ENT608 Manufacturing Informatics AY24/25
Assignment – Mini KDD Cup
Main Objectives
. Enrich and consolidate the understanding of data mining, including its basic concept, methodology and process, categorization of several prevailing tasks, performance
evaluation and visualization, etc.
. Through a real-world industrial case study, it offers a critical opportunity to learn and practice problem formulation and problem-solving where data mining is used as a technical tool.
. Understand and reflect on how data mining, as a methodology and tool, can be deployed to tackle the prevailing problems in Manufacturing Informatics.

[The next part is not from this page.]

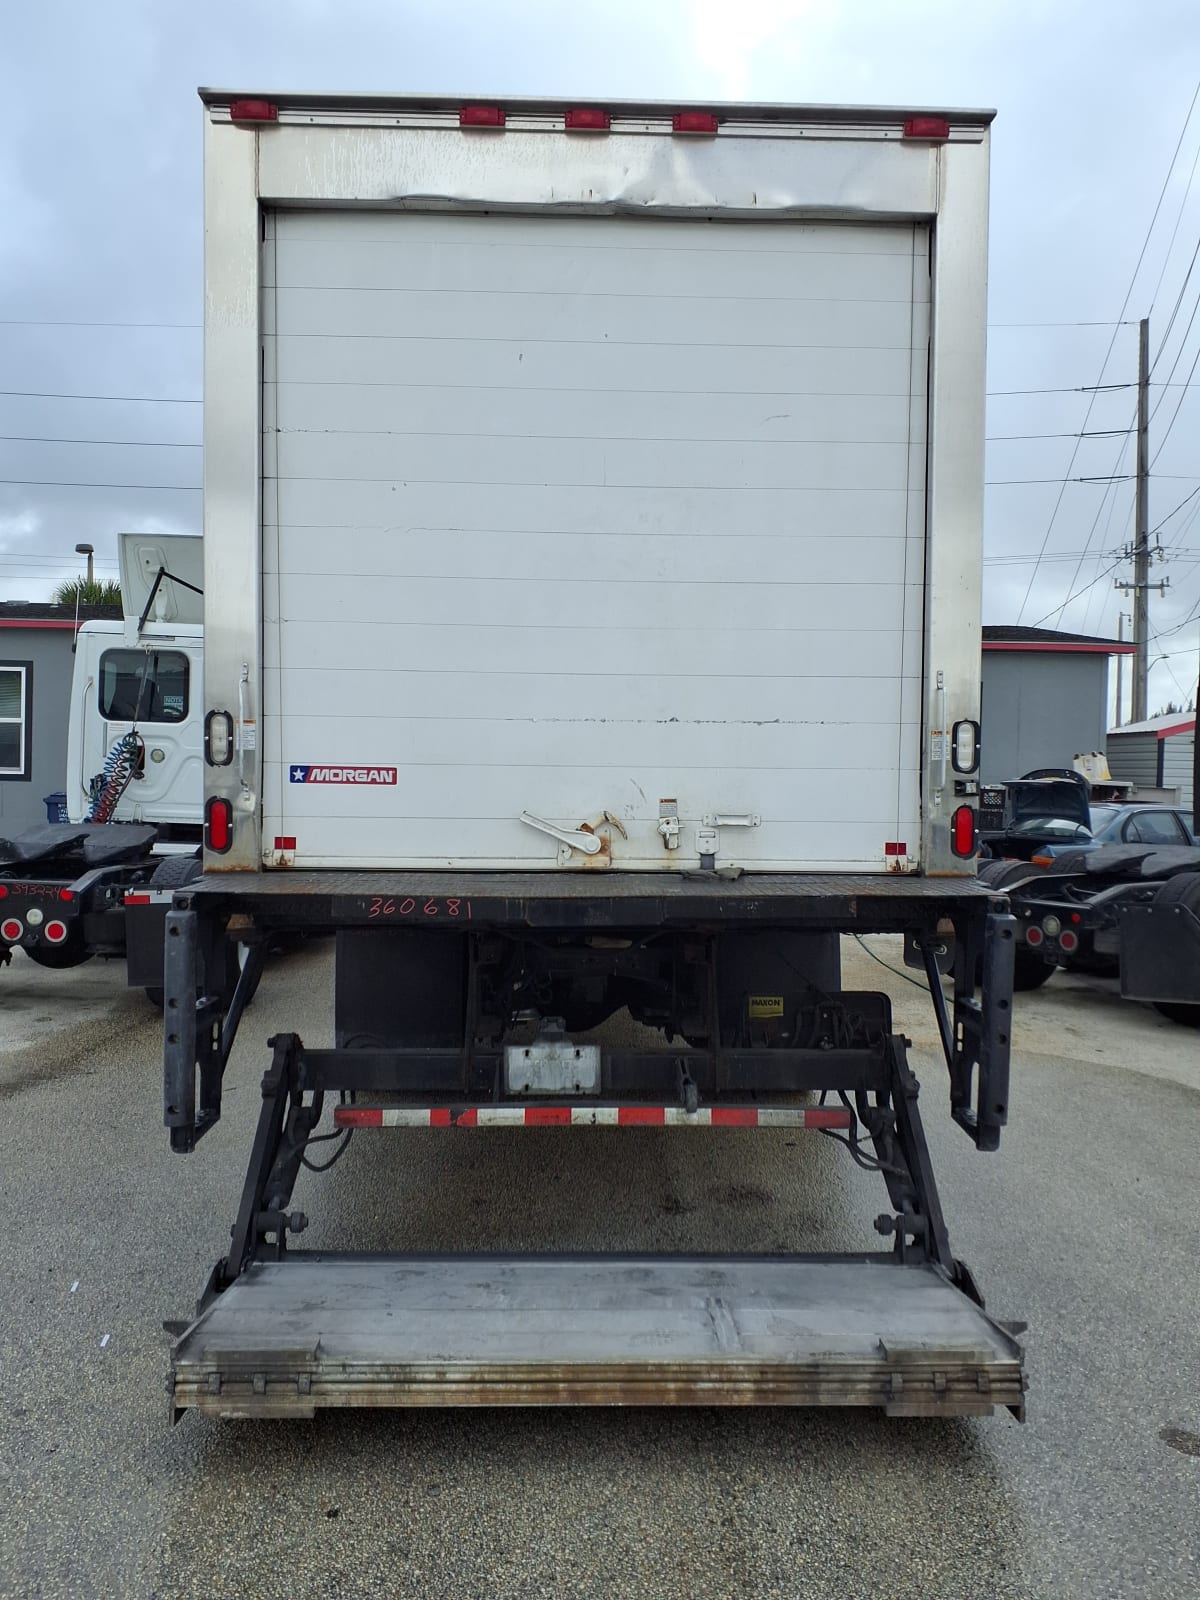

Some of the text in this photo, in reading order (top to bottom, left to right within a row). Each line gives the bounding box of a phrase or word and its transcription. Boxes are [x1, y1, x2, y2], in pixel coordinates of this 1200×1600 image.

[310, 769, 393, 782] MORGAN
[368, 897, 471, 919] 360681
[752, 999, 780, 1007] MAXON

Case Study – Industrial Background and Data
The steel industry is one of the major contributors to the European as well as the World economy. About 1/3 of the steel production in the world is done through the recycling of ferrous scrap with the use of an Electric Arc Furnace, or EAF:
Industrial Efficiency Technology Database, 2016. Section and Plan View of Electric Arc Furnace [Online]. Available at: http://ietd.iipnetwork.org/content/electric-arc-furnace
|
The process of producing recycled steel is as follows: The combined scraps are fed into the furnace through the furnace door, and an electric current is delivered to the molten scrap via the electrodes that are suspended inside the furnace. The high currents supplied to these electrodes are transferred via an arc to the metal scrap inside, heating it and generating temperatures that can exceed 3000°C.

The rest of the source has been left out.